Right now I got a fiver of Flor de Oliva coming and and I'll try those out to see how I like them. I'll pick up a fiver of the Nic 3000 as well later on. I used to have the La Vieja Habanas as my everyday smoke until I fell in love with Padron. I've found them to be hit or miss sometimes, though they were usually very enjoyable and considering my needs I shouldn't complain. Don't know much about Perdomos and should probably look them up.


----------



## Zoomschwortz (Jul 14, 2006)

Just had a Nic3000 two nights ago with 6-9 months on it. I really liked this cigar a lot better than when it was fresh.

I should buy 4 bundles just to get some age on them.


----------



## volfan (Jul 15, 2006)

JFRs hands down.


----------



## rwhit37 (Mar 3, 2008)

Flor de Oliva's, Quorum's distributed by Fuente, GR Specials made in same factory as Gran Habano, or LVH by Drew Estate. 

I smoke the Flor de Oliva's and GR's when I play golf. Flor de Oliva surprised me with quality of such a cheap cigar. Holds a pretty decent ash and burns well. GR's are a little more on the flaky side. Good flavor though. They come in medium body(Red) and full body(Black).


----------



## jbo (Feb 16, 2007)

I hate to be a "me tooer" but "me too". The Famous Nic 3000 is one of, if not my favorite cigar. Ordered a bundle when they were the "Deal of the Day" and they are now gone!

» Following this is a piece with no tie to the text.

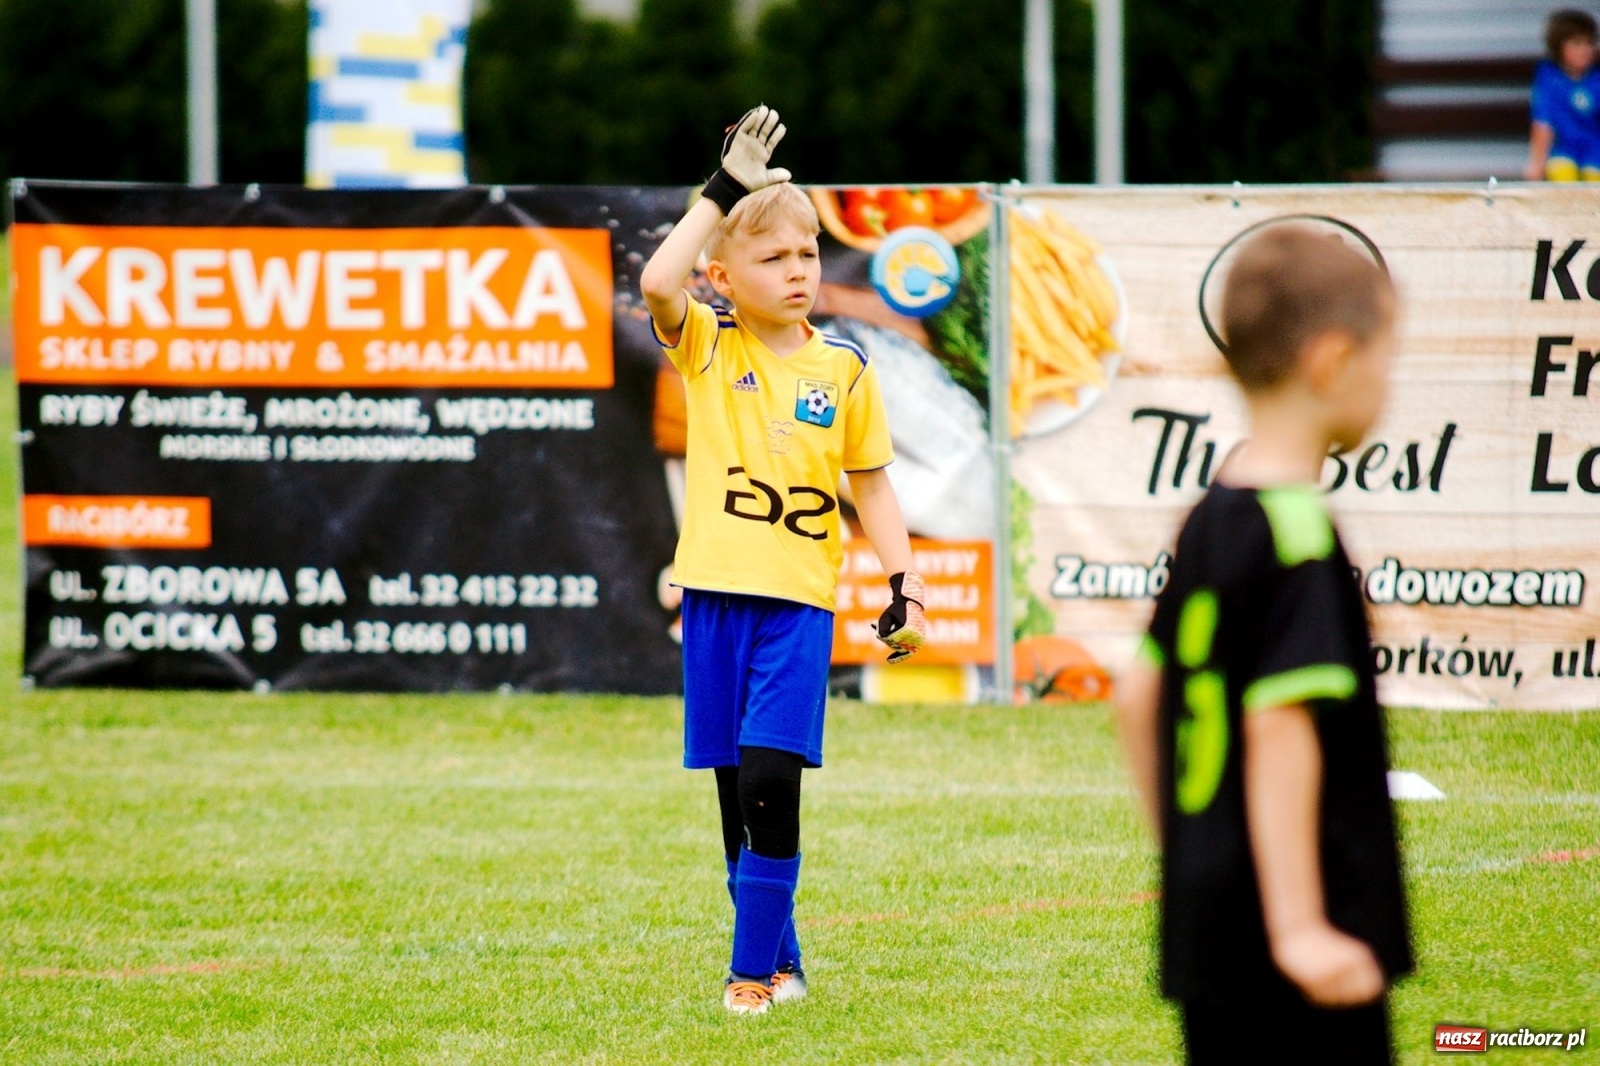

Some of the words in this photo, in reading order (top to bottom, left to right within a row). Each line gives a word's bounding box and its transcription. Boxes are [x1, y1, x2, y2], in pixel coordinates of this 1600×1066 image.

Great cigar...however, the last batch I had had some wrapper issues...but great taste!


----------



## Zoomschwortz (Jul 14, 2006)

I know this is a Nic filler, wrapper and Hon. binder but, for $3.50 ($8 dollars off of MSRP) a stick this is a great deal for a box of 50 RP Old World Reserve that I am sure won't last long.

http://www.cigarsinternational.com/html/spec_deals.asp

MSRP is over $500 for the box and these were selling for over $400 (close to $500 if memory serves me) at the RP event this past Saturday.

Compare to CI regular pricing.
http://www.cigarsinternational.com/prodDisp.asp?item=CS-O0A&cat=3


----------